Open pit variants - costs of the deeper ore
GT1 supplied the drill and blast / load and haul numbers in their PEA. If mining material 200m deep, the ore increases from C$11.06/bcm to C$16.66/bcm. The waste material to surface cost increases from C$9.24/bcm to C$17.64/bcm. When the drill and blast is added these are C$19.4/bcm and C$20.38/bcm.
The density of pegmatite is about 2.7x while waste mafic rock is about 2.9x so the cost per ton is ~C$7.19/t and ~C$7.03/t. If mining 20:1 strip ratio material the cost estimate would be around C$147.79/t of ROM or at 0.75 to the USD US$110.84/t of ROM. This mining cost is more than double the UG estimate that PMT used in their PEA. This indicates that material at depths like 200m would be better to UG mine than open pit mine - if PMT's UG estimate applied to Seymour ore.
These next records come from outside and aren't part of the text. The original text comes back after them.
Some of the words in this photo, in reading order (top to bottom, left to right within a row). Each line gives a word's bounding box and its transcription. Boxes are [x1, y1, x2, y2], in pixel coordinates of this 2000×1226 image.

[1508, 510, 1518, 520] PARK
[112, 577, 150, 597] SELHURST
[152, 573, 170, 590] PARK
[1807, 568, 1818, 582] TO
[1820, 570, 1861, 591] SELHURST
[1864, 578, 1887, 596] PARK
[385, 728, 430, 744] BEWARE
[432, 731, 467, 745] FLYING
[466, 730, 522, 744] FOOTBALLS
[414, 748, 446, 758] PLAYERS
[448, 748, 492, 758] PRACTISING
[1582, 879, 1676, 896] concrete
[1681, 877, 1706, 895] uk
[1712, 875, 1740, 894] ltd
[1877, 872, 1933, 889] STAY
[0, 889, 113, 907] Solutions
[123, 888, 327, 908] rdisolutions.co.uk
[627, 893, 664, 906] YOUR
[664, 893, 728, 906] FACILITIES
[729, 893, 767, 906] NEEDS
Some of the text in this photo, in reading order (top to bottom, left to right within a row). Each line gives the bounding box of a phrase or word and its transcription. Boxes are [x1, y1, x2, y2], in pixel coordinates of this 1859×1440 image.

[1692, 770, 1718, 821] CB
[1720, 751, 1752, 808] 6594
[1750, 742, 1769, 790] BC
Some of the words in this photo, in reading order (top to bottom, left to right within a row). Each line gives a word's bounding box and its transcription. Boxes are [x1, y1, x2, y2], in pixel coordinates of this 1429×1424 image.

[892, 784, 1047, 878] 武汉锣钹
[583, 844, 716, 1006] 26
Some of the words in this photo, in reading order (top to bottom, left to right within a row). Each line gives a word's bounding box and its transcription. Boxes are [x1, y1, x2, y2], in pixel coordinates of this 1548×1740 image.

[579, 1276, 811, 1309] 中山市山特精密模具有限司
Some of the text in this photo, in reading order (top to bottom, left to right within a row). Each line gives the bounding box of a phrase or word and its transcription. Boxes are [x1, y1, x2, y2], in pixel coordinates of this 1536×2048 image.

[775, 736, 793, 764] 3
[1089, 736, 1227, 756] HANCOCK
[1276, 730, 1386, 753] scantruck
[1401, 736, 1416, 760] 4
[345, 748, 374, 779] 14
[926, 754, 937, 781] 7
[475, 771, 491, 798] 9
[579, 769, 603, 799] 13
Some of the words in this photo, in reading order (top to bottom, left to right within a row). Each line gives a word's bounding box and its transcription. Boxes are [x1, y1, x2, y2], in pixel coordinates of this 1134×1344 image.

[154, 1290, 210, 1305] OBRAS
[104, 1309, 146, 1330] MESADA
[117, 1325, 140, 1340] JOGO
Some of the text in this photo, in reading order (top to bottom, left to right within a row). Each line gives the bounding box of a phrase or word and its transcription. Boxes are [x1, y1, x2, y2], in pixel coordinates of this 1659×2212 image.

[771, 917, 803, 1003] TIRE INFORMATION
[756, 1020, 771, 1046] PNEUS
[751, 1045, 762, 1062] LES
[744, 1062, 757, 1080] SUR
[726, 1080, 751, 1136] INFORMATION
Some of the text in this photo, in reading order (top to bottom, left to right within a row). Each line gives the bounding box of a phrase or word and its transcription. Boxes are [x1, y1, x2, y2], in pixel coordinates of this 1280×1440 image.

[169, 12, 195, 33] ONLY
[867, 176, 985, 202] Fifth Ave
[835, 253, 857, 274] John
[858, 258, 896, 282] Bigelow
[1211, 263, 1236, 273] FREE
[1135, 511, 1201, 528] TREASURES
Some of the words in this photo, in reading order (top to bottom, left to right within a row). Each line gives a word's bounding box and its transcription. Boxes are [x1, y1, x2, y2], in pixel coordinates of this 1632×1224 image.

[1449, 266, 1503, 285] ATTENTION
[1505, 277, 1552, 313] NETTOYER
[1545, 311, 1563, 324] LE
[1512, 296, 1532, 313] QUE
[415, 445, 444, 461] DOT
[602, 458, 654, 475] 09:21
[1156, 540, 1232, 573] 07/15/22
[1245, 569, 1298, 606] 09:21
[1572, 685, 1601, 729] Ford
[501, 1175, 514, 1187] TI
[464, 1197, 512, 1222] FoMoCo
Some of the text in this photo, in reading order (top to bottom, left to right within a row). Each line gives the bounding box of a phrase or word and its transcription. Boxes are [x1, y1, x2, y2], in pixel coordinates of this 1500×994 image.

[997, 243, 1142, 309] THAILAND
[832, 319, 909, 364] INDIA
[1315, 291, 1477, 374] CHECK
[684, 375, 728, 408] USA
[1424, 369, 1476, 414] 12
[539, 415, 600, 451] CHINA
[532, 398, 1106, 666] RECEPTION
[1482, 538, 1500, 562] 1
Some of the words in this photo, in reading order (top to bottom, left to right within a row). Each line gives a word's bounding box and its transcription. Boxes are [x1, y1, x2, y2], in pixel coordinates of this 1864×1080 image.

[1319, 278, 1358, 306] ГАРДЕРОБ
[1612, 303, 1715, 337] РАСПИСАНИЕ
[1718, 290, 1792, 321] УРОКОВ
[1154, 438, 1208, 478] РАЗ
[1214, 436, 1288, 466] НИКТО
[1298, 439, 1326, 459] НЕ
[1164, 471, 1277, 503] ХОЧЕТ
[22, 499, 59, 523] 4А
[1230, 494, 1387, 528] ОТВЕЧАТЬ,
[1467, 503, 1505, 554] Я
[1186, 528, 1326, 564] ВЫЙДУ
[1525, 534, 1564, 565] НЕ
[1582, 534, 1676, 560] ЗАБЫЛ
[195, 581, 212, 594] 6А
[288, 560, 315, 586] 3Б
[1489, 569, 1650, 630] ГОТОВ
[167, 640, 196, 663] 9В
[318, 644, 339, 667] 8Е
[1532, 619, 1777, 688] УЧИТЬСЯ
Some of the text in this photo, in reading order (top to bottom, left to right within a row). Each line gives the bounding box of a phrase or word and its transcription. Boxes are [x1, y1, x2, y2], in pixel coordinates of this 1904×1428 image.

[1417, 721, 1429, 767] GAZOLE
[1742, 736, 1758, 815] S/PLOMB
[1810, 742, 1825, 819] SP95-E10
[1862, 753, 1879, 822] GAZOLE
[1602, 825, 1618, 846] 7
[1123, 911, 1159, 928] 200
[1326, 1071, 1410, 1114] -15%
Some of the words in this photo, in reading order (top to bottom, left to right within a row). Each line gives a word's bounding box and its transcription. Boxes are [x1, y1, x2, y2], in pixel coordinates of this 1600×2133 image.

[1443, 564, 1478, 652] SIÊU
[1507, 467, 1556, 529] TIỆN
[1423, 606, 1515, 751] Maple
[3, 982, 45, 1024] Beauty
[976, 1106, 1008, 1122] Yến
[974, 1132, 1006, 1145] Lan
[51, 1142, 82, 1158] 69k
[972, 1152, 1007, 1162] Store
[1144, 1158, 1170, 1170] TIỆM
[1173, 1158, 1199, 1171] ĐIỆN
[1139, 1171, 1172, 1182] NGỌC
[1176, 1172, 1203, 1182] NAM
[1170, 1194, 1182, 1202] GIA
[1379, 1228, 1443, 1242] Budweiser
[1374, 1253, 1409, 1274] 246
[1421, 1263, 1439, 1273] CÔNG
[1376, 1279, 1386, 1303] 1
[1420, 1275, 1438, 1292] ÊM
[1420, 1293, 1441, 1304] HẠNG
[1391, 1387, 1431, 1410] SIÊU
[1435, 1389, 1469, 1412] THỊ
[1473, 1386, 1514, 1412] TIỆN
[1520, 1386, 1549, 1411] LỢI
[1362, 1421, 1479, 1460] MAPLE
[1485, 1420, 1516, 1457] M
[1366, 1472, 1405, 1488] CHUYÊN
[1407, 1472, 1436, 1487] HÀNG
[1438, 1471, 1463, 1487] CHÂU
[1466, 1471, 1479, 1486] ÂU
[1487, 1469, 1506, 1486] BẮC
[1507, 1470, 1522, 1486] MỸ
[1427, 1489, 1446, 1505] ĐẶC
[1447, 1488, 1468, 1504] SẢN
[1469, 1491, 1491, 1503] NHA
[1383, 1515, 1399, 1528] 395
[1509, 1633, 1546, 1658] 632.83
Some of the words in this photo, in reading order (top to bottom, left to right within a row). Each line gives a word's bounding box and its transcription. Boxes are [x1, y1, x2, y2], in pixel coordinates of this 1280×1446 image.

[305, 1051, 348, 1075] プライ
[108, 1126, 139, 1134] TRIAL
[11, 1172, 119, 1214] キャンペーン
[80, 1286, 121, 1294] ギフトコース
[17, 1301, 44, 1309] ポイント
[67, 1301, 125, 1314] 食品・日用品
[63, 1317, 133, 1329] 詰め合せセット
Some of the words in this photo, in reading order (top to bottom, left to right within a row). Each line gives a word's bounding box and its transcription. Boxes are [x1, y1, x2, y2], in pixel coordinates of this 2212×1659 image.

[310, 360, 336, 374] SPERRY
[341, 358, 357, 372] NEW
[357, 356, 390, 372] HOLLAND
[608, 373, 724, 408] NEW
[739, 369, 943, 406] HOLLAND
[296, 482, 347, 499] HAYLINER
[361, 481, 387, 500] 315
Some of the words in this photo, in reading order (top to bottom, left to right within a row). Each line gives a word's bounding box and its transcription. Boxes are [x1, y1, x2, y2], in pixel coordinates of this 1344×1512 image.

At 150m deep the strip ratio that corresponds with US$52.2/t ore is 10:1. If the marginal strip ratio where UG is potentially optimal is as low as this, GT1 could potentially be bringing back the PEA under option 3 with Seymour's open pit massively scaled back to a couple of years mining and mid-high single digit strip ratio. Because the PEA was open pit constrained, the addition of UG mining should also increase the resource. From diagrams it wasn't exactly clear where an option 3 pit boundary may lie, but I've had a crack at it in the diagram below.
I suspect that under a NDA TG6 has been able to share a draft of these workings with EcoPro and they realise the potential economics look sufficiently compelling they are interested in the ability to own up to 35% of the project. It may be dilution, but its better to have most of a project progressing to production than all of a project that is stalled.